Henry fut surpris par le regard du Contrôleur. Il lui semblait rempli à la fois de tristesse et de compassion, mais aucunement de peur. L’homme au bout des bras d’Henry ne dégageait aucune émotion. Cela déstabilisa Henry qui le reposa.
- Merci, Henry !
Le Contrôleur réajusta son uniforme et se rassit calmement.
- Je vous en prie, asseyez-vous et calmez-vous, ajouta-t-il.
Henry faisait les cents pas dans la voiture.
- Arrêtez de me dire de me calmer, ça m'énerve encore plus, cracha-t-il. Je dois retrouver ma femme.
- Je sais bien, mais il n’y a rien que nous puissions faire, assura le Contrôleur. Vous n’allez pas sauter du train en marche au milieu de nulle part.

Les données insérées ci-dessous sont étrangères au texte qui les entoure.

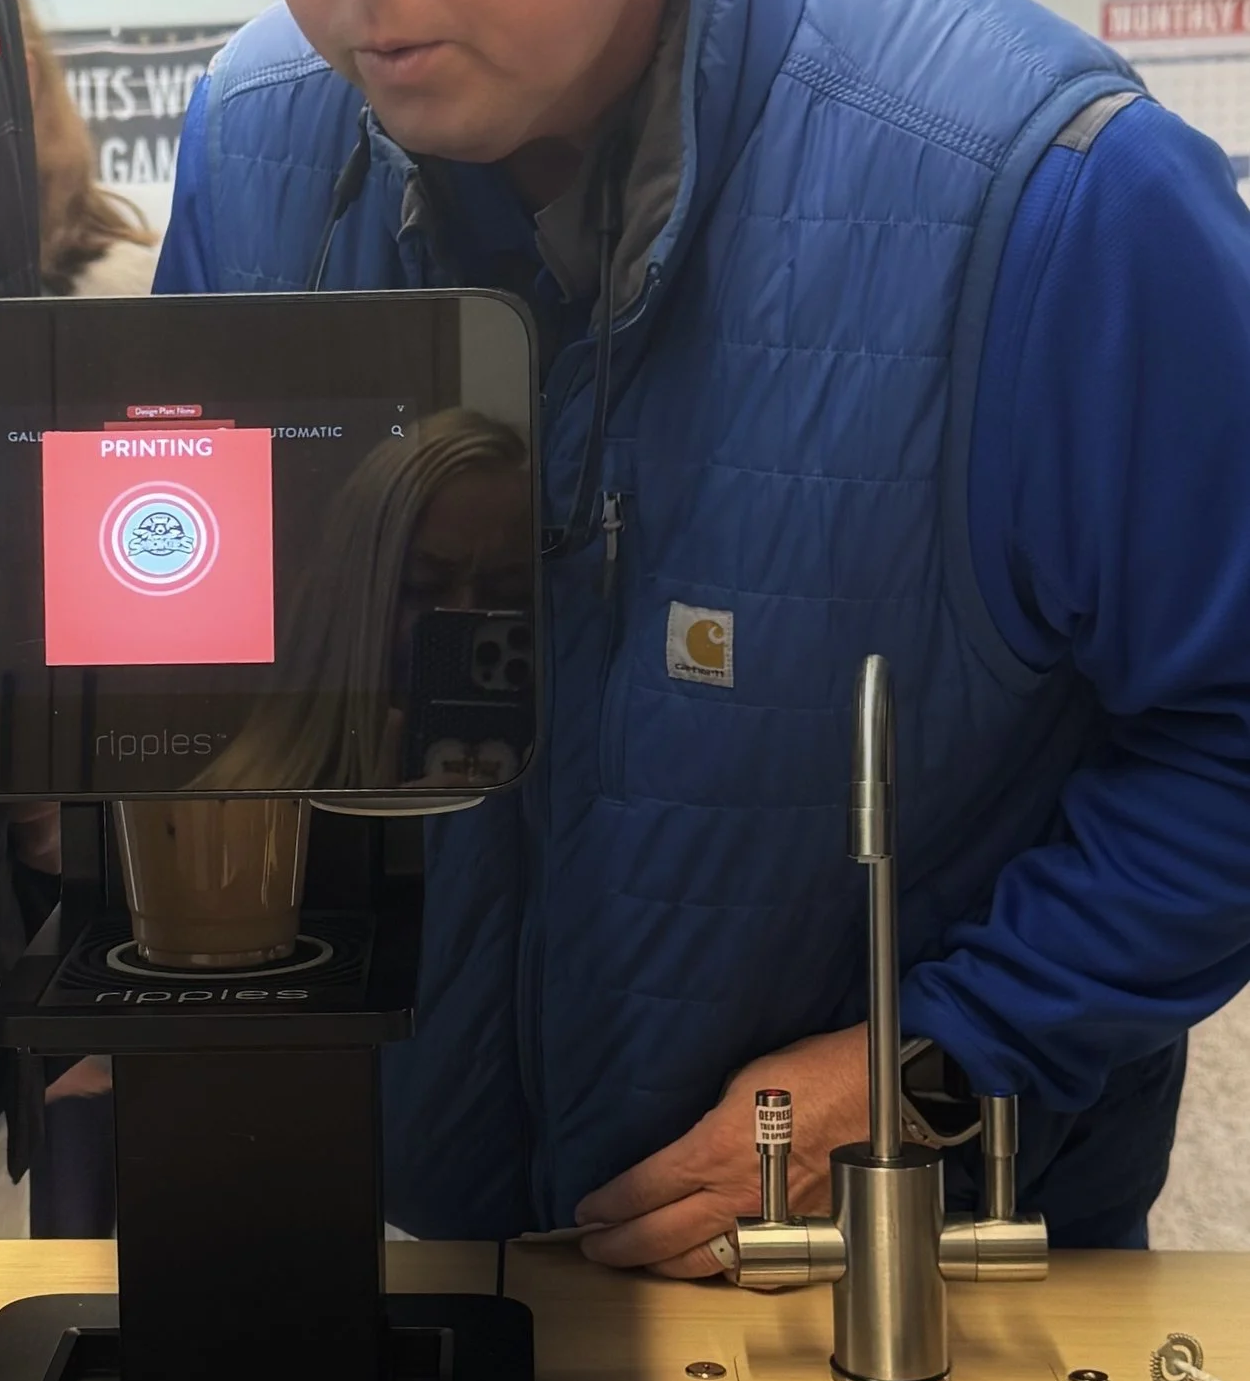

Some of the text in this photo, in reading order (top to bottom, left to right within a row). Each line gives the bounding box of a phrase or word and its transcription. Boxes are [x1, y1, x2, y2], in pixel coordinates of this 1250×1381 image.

[100, 437, 214, 458] PRINTING
[95, 988, 310, 1004] ripples
[759, 1109, 791, 1121] DEPRES

Venez-donc vous asseoir et racontez moi la suite, peut-être que cela nous mènera au fin mot de l’histoire.
Henry considéra toutes les options qui s’offraient à lui. Il envisagea même un temps de sauter, mais se retrouver seul, au milieu de nulle part, ne l’aiderait pas plus. Ce fut à contre cœur qu’il alla s’asseoir sur les sièges de l’autre côté de l'allée centrale pour continuer son histoire.
- Très bien, ça me fera passer le temps, bougonna-t-il. J’avais donc attrapé la housse contenant mon costume et je me dirigeais vers la salle où allait se dérouler la cérémonie. On allait se marier dans le village natal de Manon, une bonne partie de sa famille y vivait. Je ne les apprécie pas trop. Entre eux non plus ils ne s’apprécient pas, et ce qui devait arriver arriva.

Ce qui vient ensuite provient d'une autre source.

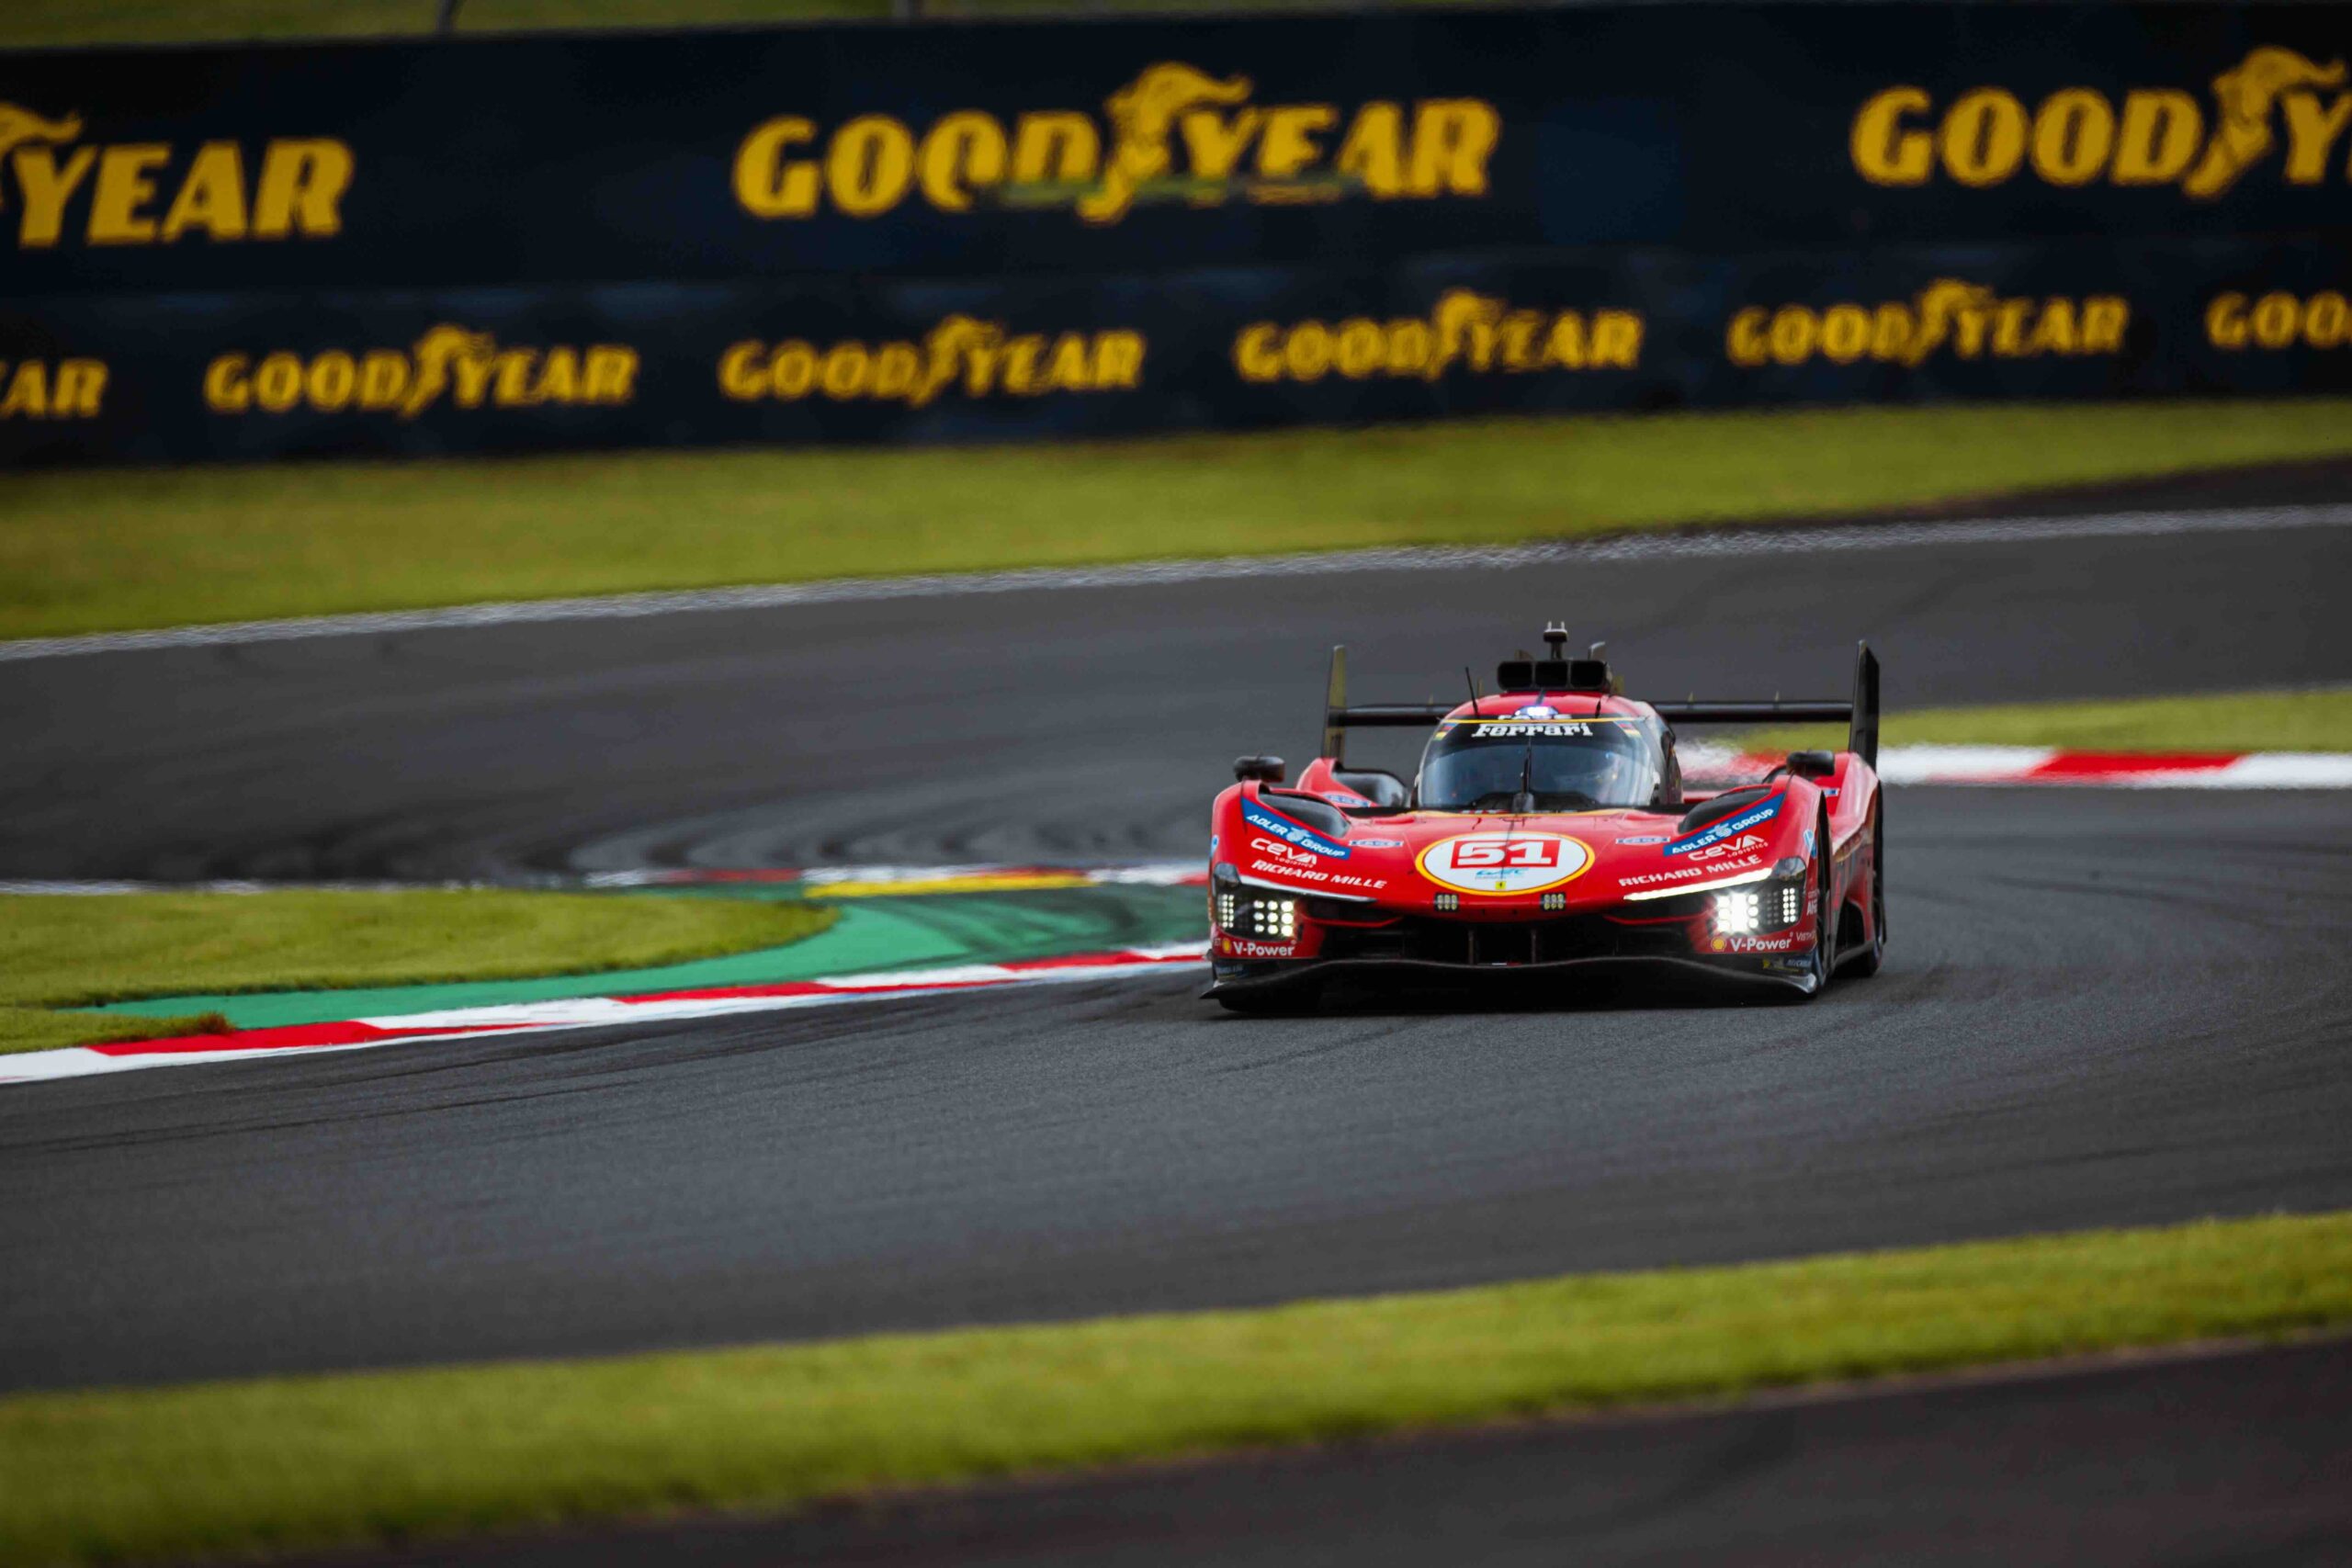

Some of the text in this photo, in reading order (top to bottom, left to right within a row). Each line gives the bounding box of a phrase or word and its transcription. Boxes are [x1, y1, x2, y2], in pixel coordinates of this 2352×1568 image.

[1850, 86, 2352, 186] GOODY
[733, 96, 1499, 221] GOODYEAR
[1234, 311, 1645, 382] GOODYEAR
[1726, 296, 2130, 366] GOODYEAR
[204, 345, 640, 413] GOODYEAR
[719, 330, 1146, 402] GOODYEAR
[1471, 722, 1593, 737] Ferrari
[1246, 814, 1346, 858] ADLER GROUP
[1457, 840, 1553, 865] 51
[1671, 835, 1716, 853] ADLER
[1732, 808, 1774, 830] GROUP
[1251, 860, 1387, 889] RICHARD MILLE
[1618, 854, 1762, 887] RICHARD MILLE
[1233, 942, 1295, 956] V-Power
[1730, 937, 1792, 952] V-Power

Repenser à ce moment fit soupirer Henry de fatigue.
- Je sais très bien de quelle genre de famille il s'agit,. acquiesça le Contrôleur.
- Ils n’en rataient pas une, précisa-t-il. Je ne me rappelle plus de la raison, mais deux cousins éloignés qui étaient arrivés la veille avaient dû trop forcer sur la boisson et ils n’arrivaient plus à rester dans la même pièce sans se battre. Au début, ils se battaient gentiment mais plus la journée avançait, plus ça devenait violent entre eux. Le point de non retour a été atteint vers les coups de midi.
Henry sentit la colère remonter en lui.
- Ça a vraiment dégénéré à ce moment-là. Ils ont foutu le bordel partout. On aurait dit qu’ils cherchaient à se battre dans chaque pièce du lieu de réception. Avec leurs conneries, ils ont pété des meubles et des bibelots qui vont nous coûter une blinde à rembourser. Ils sont même allés jusqu'à détruire une partie de la déco de la salle où on avait installé les tables. Si je les avais croisés là, je les auraient tués je pense, gronda-t-il. J’avais laissé le frère de Manon se charger d’eux. J’avais autre chose à foutre quelques heures avant mon mariage que d’aller calmer deux connards, mais ils ont quand même réussi à tout gâcher.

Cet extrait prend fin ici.